Chapter Twenty Kian
The moment the unicorn passes, Adela’s phoenix mask finally releases. It falls off her face, onto the earth, right beside a pile of red stones.
My red stones.
The ones I used to mark the path into the valley.
But I can’t think of the implications of Adela finding these right now.
I’m too busy staring at her face. Her beauty, and her pain.
She has gashes across her perfectly rounded cheekbones.
The slightly upturned curve of her delicate nose is red and raw.
The pale arches of her eyebrows are tinged slightly pink from where they’ve caught seeping blood from her scrapped forehead.
Lathai rages, the storm growing more violent as he stomps and snorts and flashes his wings.
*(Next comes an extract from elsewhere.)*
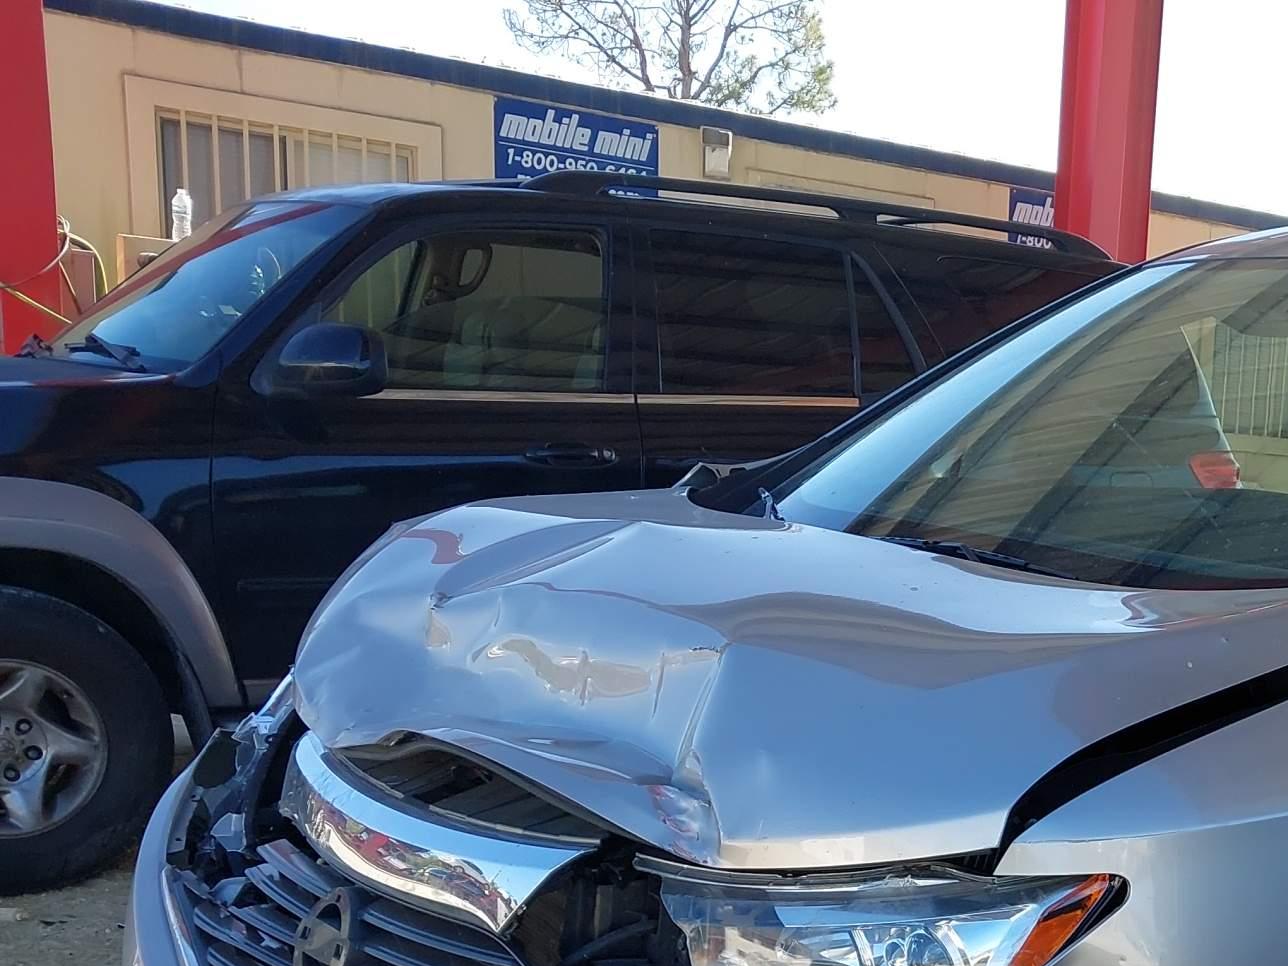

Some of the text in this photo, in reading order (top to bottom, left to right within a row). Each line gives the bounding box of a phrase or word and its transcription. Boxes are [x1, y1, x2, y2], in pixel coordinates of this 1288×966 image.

[499, 109, 654, 161] mobile mini
[1012, 197, 1055, 228] mob
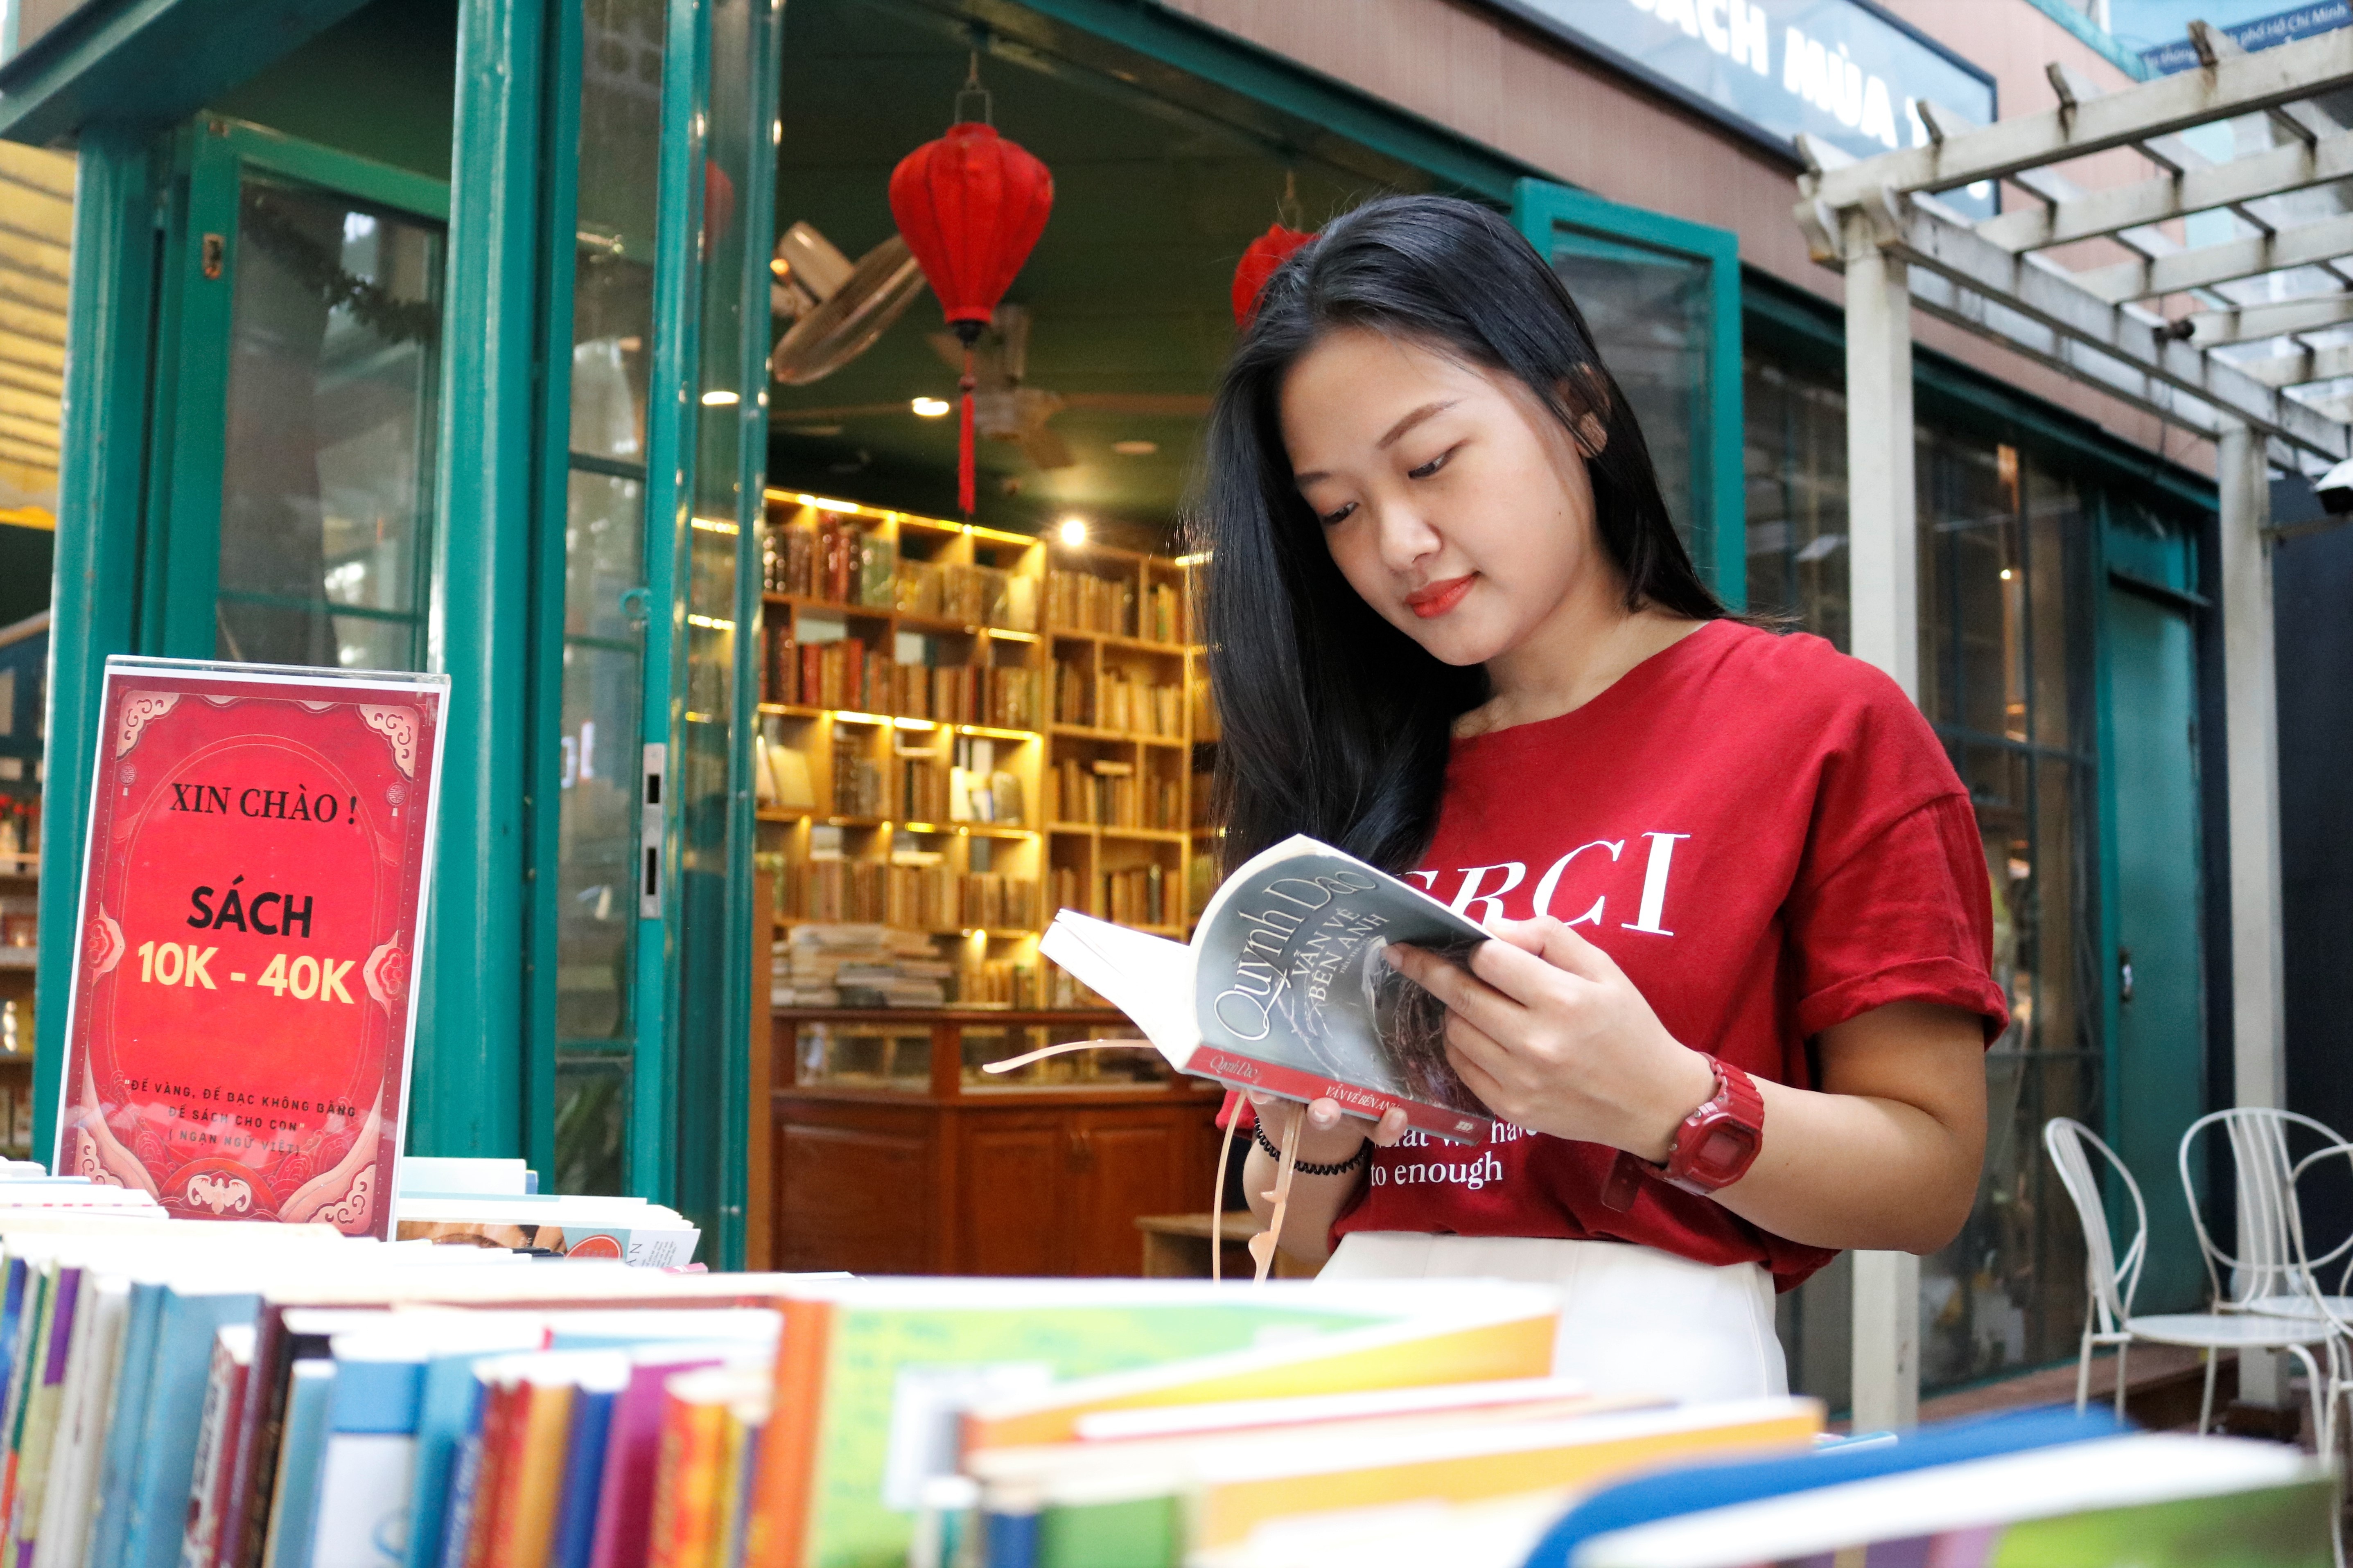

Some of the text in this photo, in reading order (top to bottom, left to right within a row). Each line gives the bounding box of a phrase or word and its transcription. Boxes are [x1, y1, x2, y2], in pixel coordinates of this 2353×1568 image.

I expect him to attack us, to get us away from his love, but he must understand. There is nothing more we can do to hurt Etana now. She is gone.
I wrap Adela up in my arms, to protect her from the wind and rain. I use my sleeve to dab away what I can, and she buries her face in my chest.
I’m surprised her father isn’t there beside me, instantly examining her cuts and scrapes, but he’s hovering over the unicorn. He removes a small blade from his bag of tools and kneels beside Etana’s corpse. After whispering some words to the dark forest, he slices down her belly.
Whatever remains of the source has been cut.